#### [PROBLEM DETAILS]
An exact transcription of all the records, free of pictures, is the expected answer.

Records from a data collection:
----

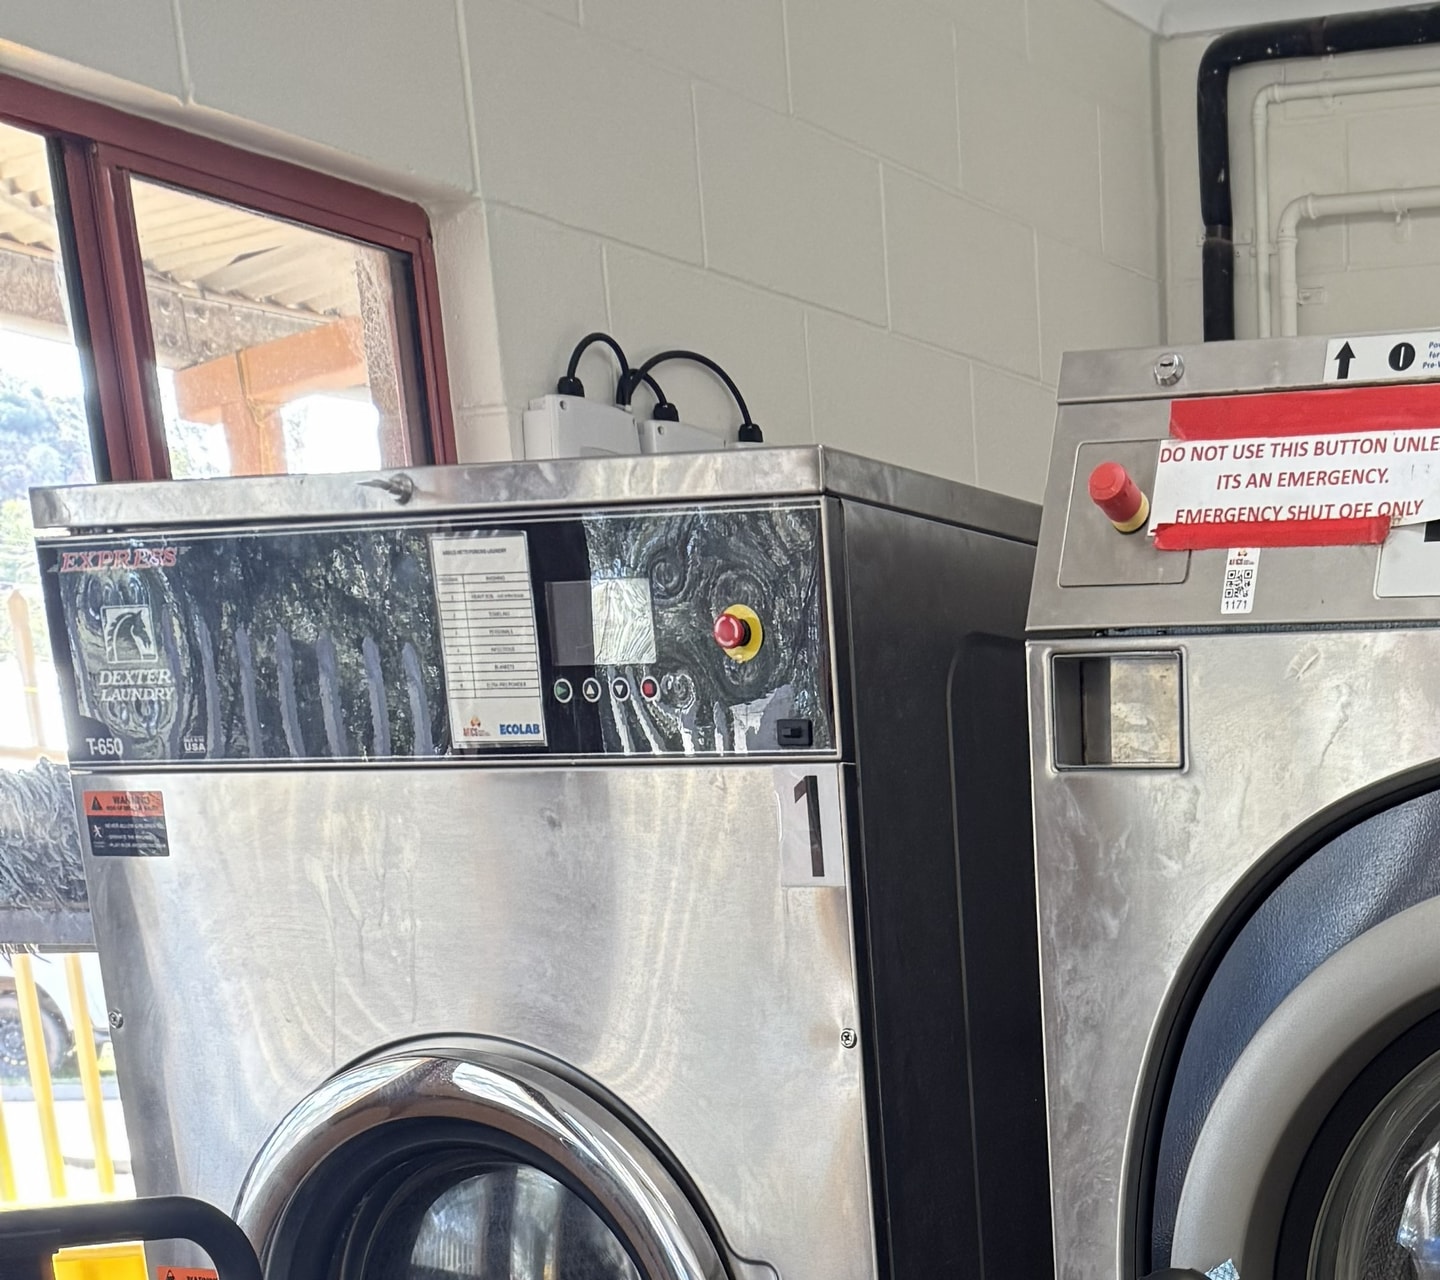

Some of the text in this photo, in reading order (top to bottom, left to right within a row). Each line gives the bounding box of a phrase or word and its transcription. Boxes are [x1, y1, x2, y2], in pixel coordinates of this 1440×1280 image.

[1160, 447, 1186, 463] DO
[1190, 445, 1229, 461] NOT
[1232, 443, 1266, 460] USE
[1270, 441, 1309, 458] THIS
[1313, 438, 1387, 456] BUTTON
[1216, 467, 1389, 490] ITS AN EMERGENCY.
[1175, 499, 1425, 524] EMERGENCY SHUT OFF ONLY
[60, 547, 178, 573] EXPRESS
[1225, 600, 1247, 610] 1171
[99, 668, 172, 686] DEXTER
[101, 687, 176, 702] LAUNDRY
[499, 723, 541, 735] ECOLAB
[86, 738, 123, 755] T-650
[184, 742, 206, 751] USA
[793, 775, 825, 877] 1
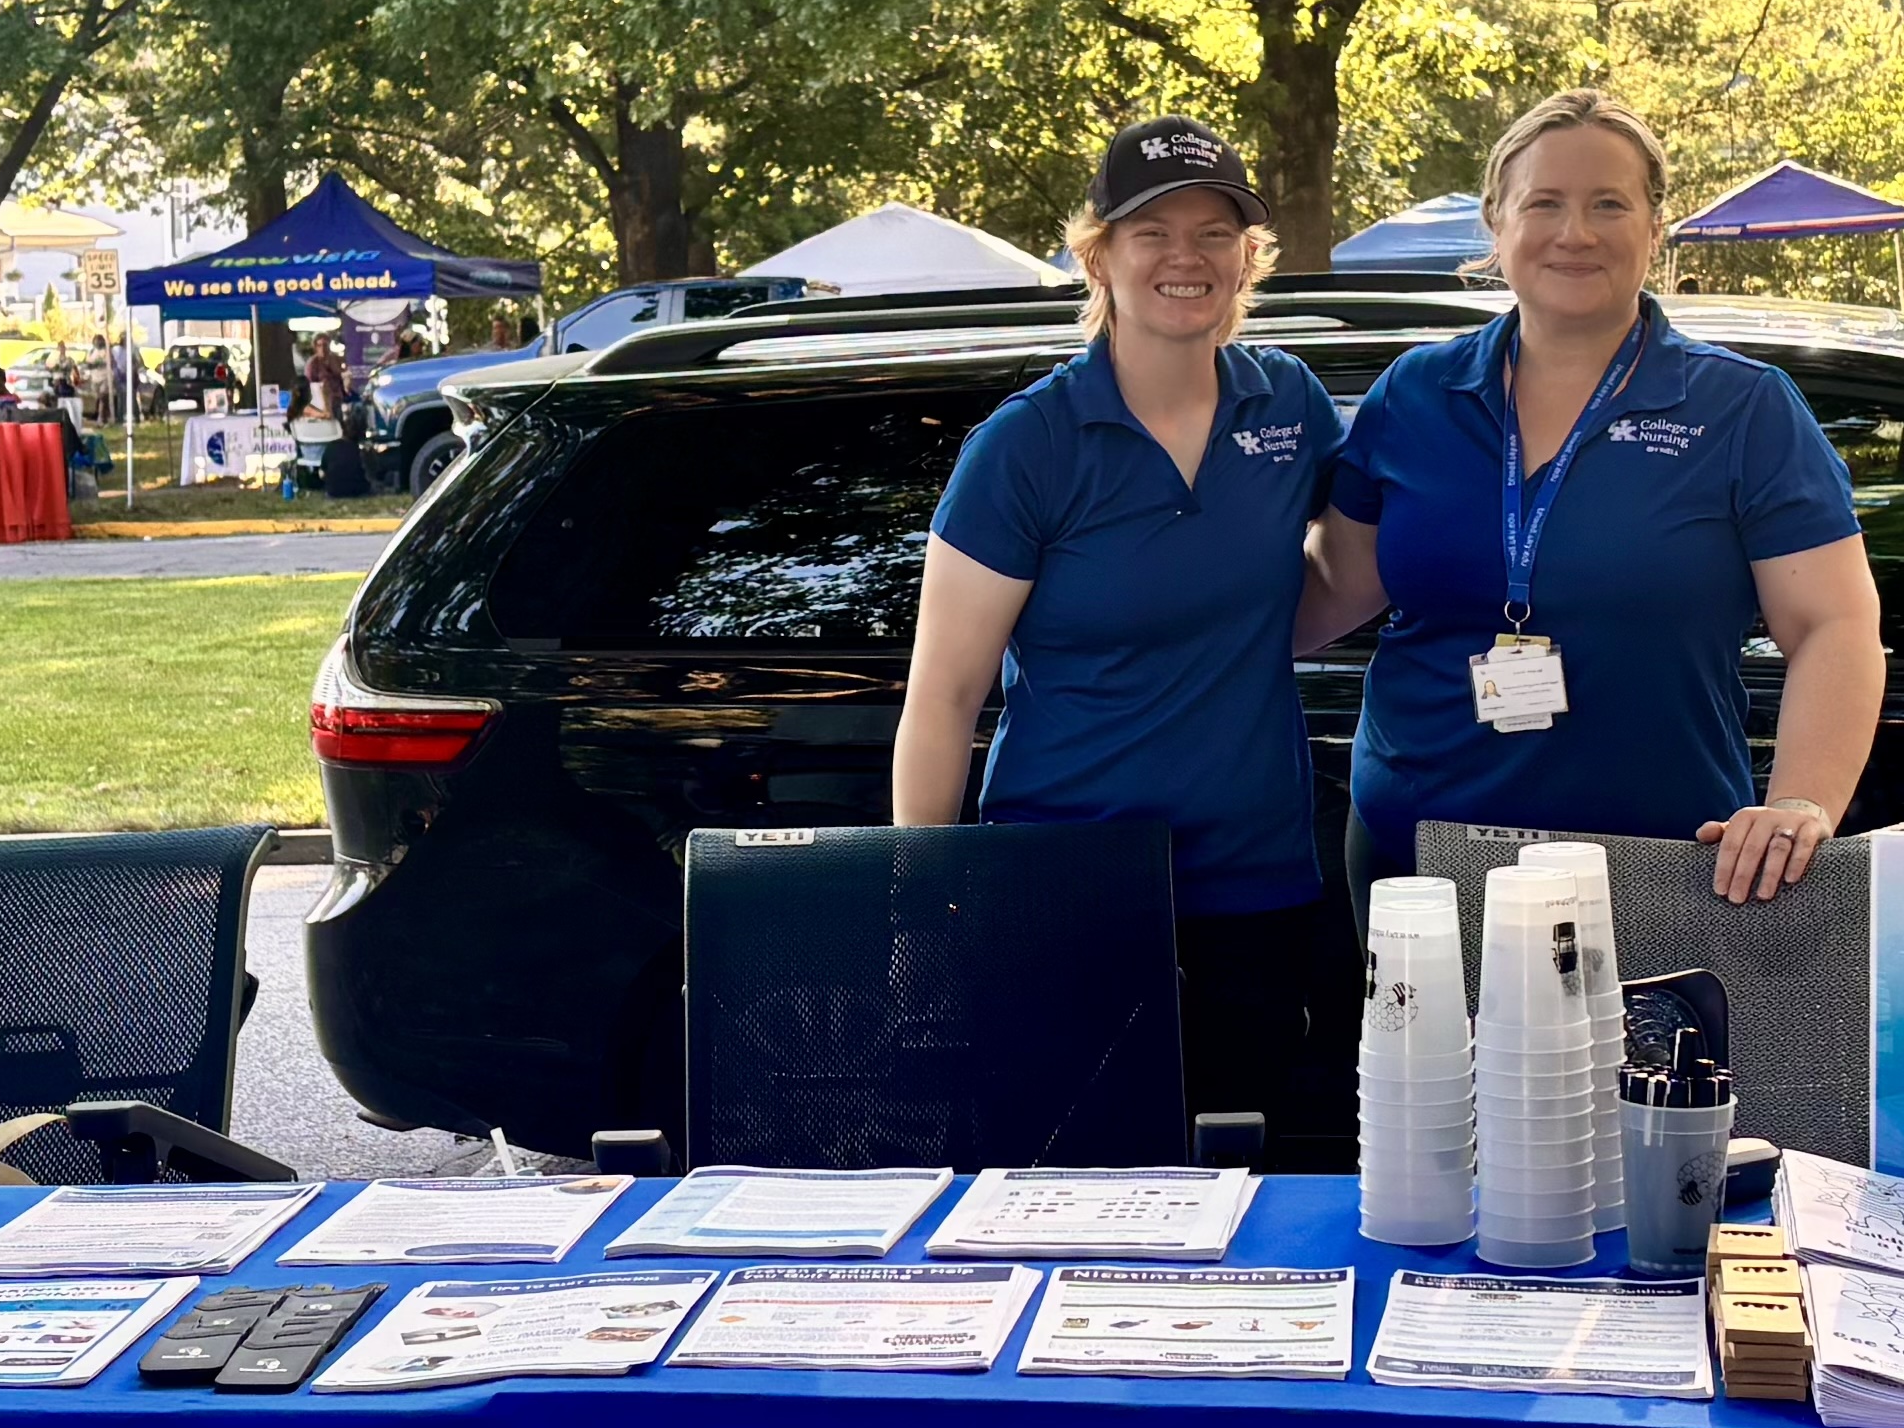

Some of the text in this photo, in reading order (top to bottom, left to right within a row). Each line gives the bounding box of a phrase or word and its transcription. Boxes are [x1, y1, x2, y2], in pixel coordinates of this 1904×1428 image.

[87, 252, 115, 262] SPEED
[90, 273, 116, 289] 35
[164, 270, 396, 296] We see the good ahead.
[1640, 419, 1705, 436] College of
[1639, 432, 1689, 448] Nursing
[745, 832, 804, 841] YETI
[1476, 828, 1539, 839] YETI
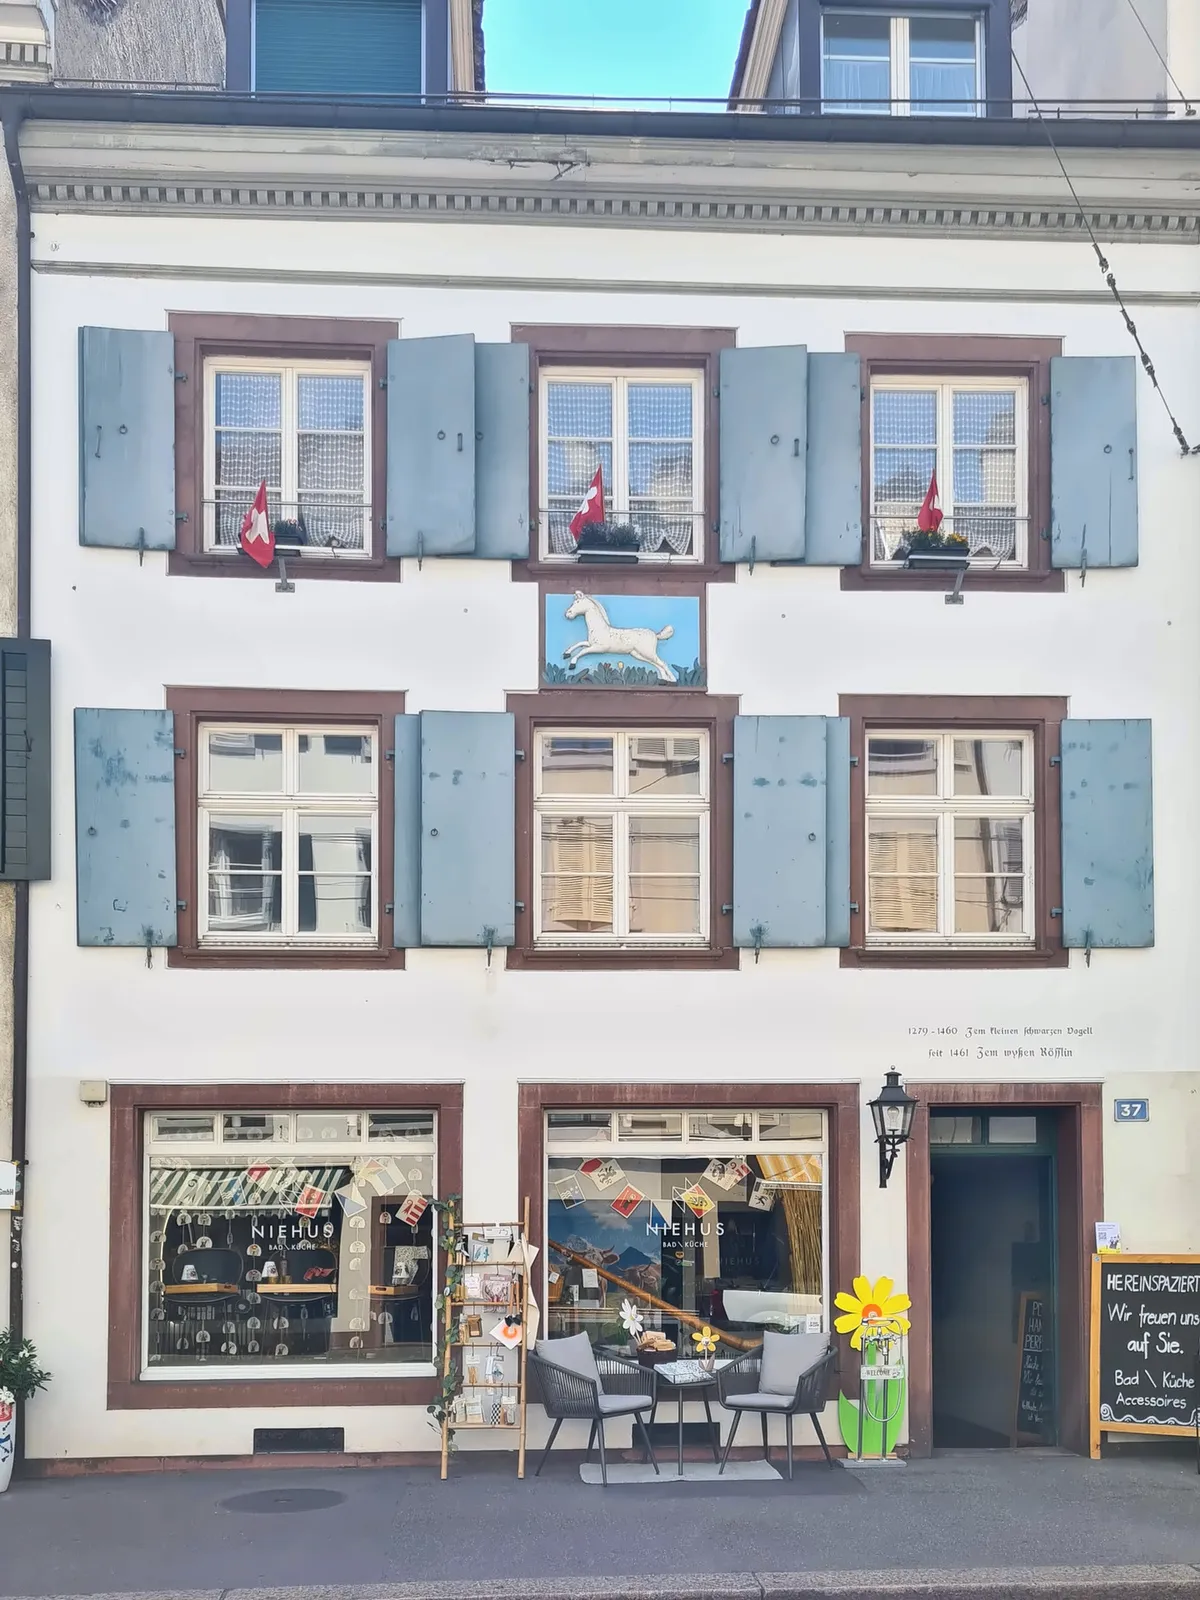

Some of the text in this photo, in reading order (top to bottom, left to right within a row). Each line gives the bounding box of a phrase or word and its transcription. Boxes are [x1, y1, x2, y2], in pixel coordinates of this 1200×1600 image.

----

#### [WRITTEN SOLUTION]
Some of the text in this photo, in reading order (top to bottom, left to right within a row). Each line gives the bounding box of a phrase or word and its transcription. Boxes are [x1, y1, x2, y2], in pixel coordinates of this 1440×1280 image.

[1160, 447, 1186, 463] DO
[1190, 445, 1229, 461] NOT
[1232, 443, 1266, 460] USE
[1270, 441, 1309, 458] THIS
[1313, 438, 1387, 456] BUTTON
[1216, 467, 1389, 490] ITS AN EMERGENCY.
[1175, 499, 1425, 524] EMERGENCY SHUT OFF ONLY
[60, 547, 178, 573] EXPRESS
[1225, 600, 1247, 610] 1171
[99, 668, 172, 686] DEXTER
[101, 687, 176, 702] LAUNDRY
[499, 723, 541, 735] ECOLAB
[86, 738, 123, 755] T-650
[184, 742, 206, 751] USA
[793, 775, 825, 877] 1

Some of the text in this photo, in reading order (top to bottom, left to right within a row). Each line gives the bounding box of a phrase or word and its transcription. Boxes are [x1, y1, x2, y2], in pixel coordinates of this 1904×1428 image.

[87, 252, 115, 262] SPEED
[90, 273, 116, 289] 35
[164, 270, 396, 296] We see the good ahead.
[1640, 419, 1705, 436] College of
[1639, 432, 1689, 448] Nursing
[745, 832, 804, 841] YETI
[1476, 828, 1539, 839] YETI

Some of the text in this photo, in reading order (top to bottom, left to right within a row). Each line gives the bounding box of a phrase or word and its transcription. Boxes are [x1, y1, x2, y2], in pixel coordinates of this 1200×1600 image.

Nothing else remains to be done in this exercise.